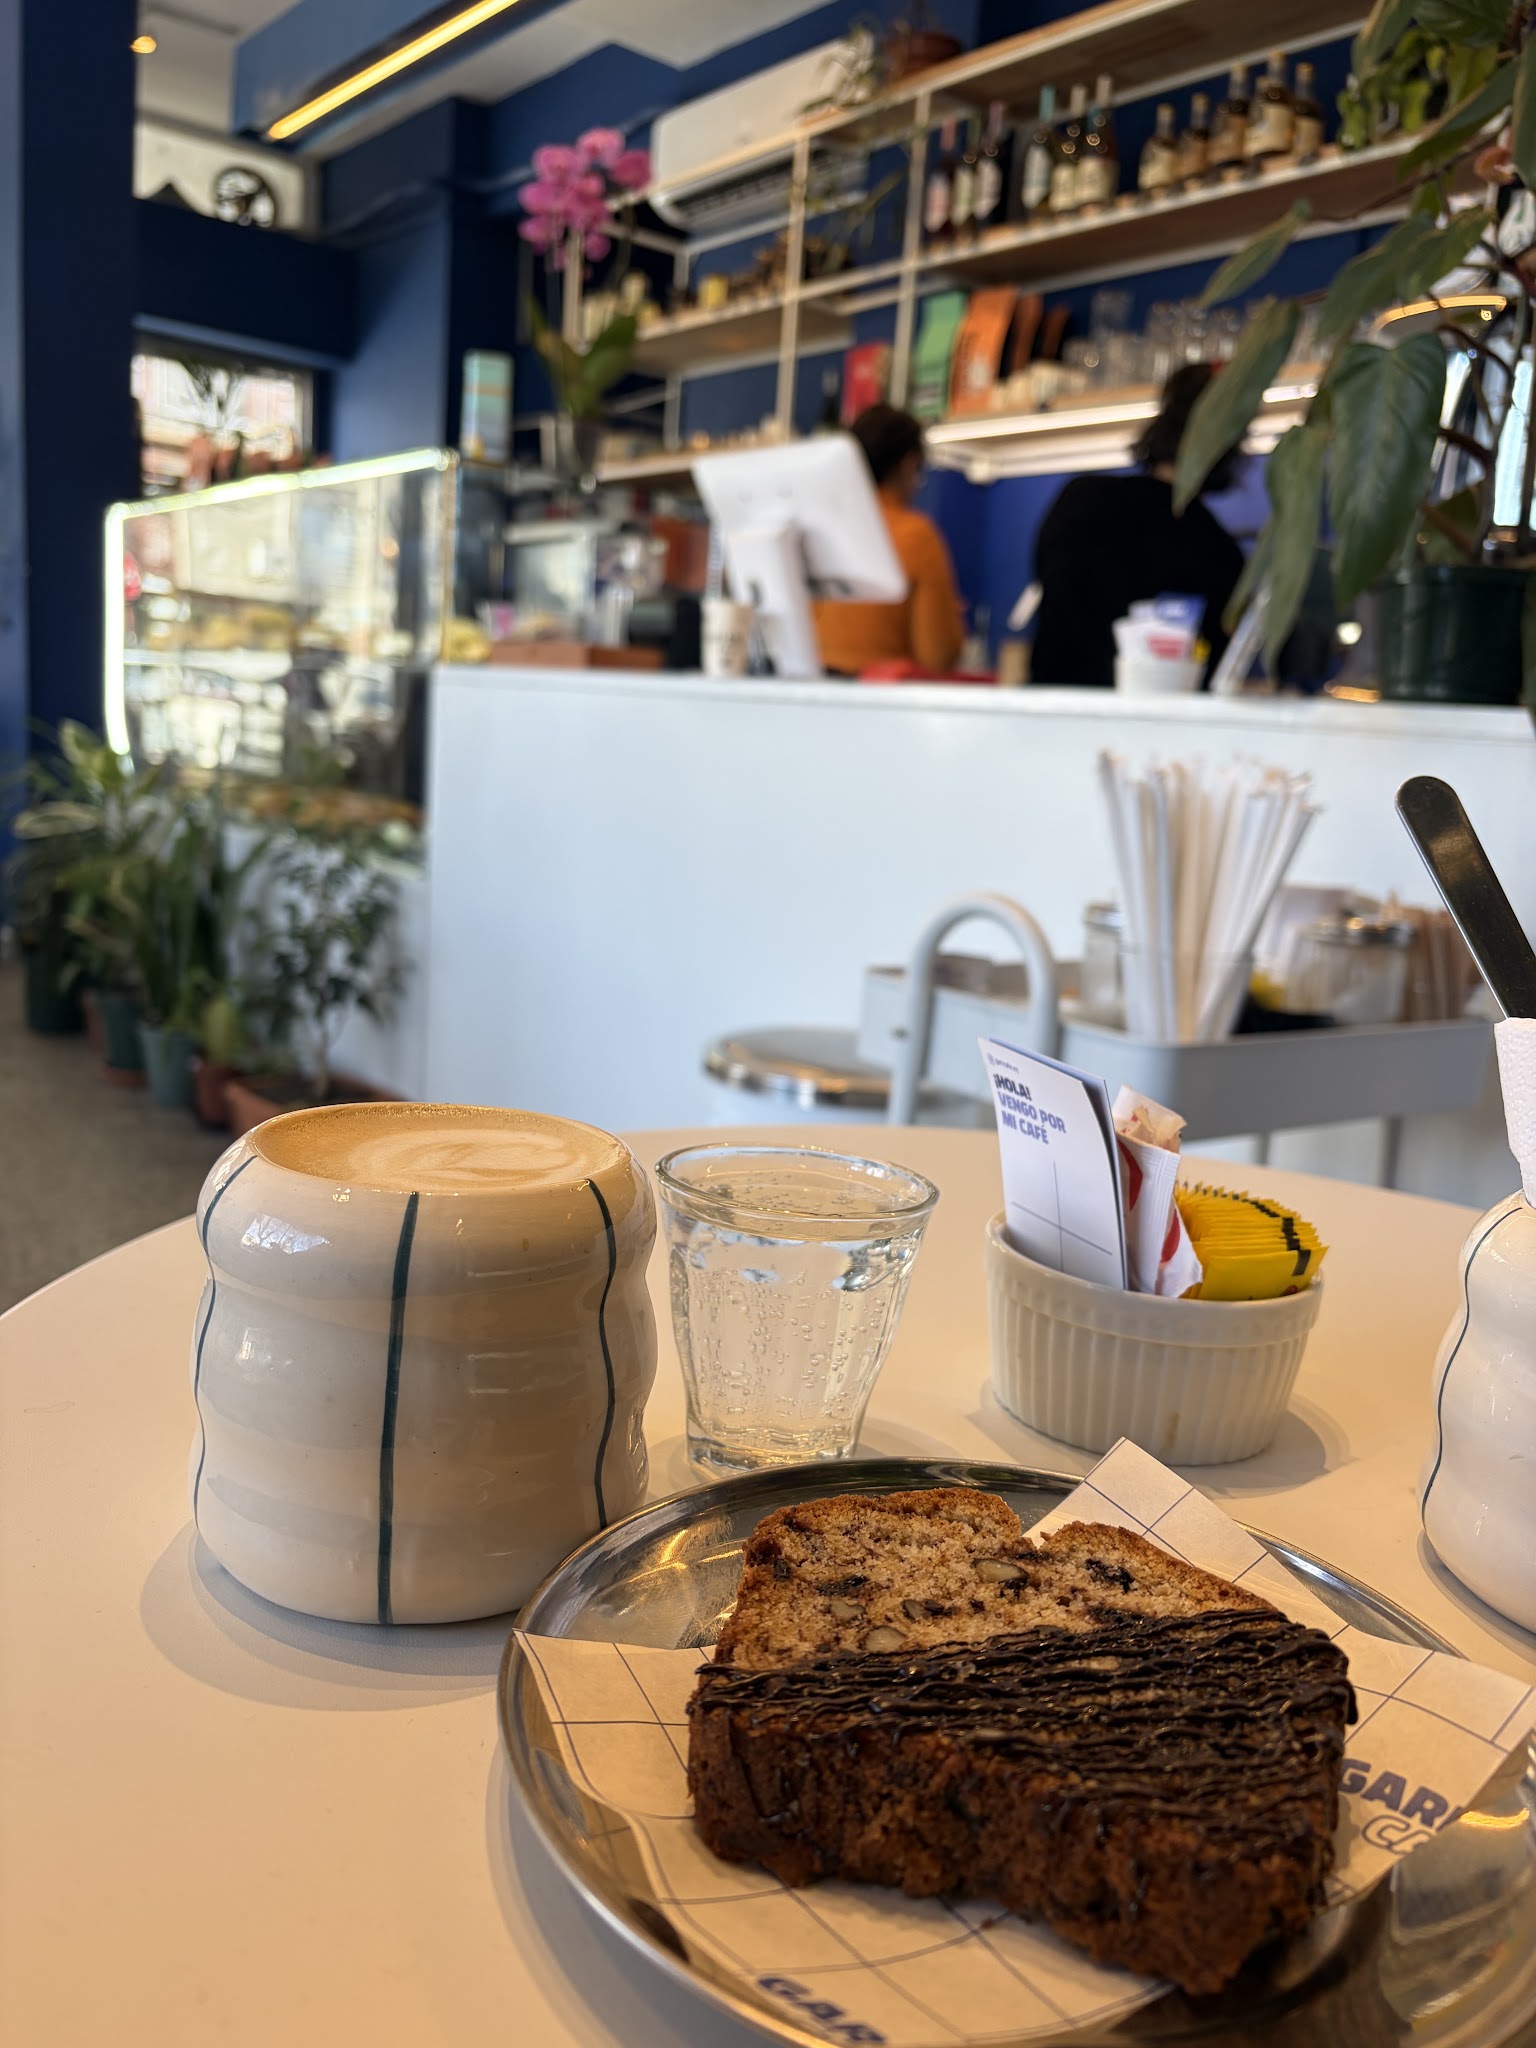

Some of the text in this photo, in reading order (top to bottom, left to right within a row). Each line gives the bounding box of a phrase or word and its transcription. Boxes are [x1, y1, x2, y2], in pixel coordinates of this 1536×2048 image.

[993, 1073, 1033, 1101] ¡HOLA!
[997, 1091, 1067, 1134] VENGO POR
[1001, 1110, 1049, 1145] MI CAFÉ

────────────────────

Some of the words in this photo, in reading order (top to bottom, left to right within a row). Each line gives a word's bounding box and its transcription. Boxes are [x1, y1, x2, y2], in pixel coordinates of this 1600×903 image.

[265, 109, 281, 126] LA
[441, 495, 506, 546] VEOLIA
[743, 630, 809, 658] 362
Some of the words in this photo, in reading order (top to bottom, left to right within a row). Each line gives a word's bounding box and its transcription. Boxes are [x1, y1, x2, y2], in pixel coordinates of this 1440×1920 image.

────────────────────

● Required work:
Above are the entries. Output exactly the lines beginning with the line that has "this 1600×903 image." and ending with the line that has "this 1440×1920 image.".

● Output for this task:
Some of the words in this photo, in reading order (top to bottom, left to right within a row). Each line gives a word's bounding box and its transcription. Boxes are [x1, y1, x2, y2], in pixel coordinates of this 1600×903 image.

[265, 109, 281, 126] LA
[441, 495, 506, 546] VEOLIA
[743, 630, 809, 658] 362
Some of the words in this photo, in reading order (top to bottom, left to right within a row). Each line gives a word's bounding box and its transcription. Boxes are [x1, y1, x2, y2], in pixel coordinates of this 1440×1920 image.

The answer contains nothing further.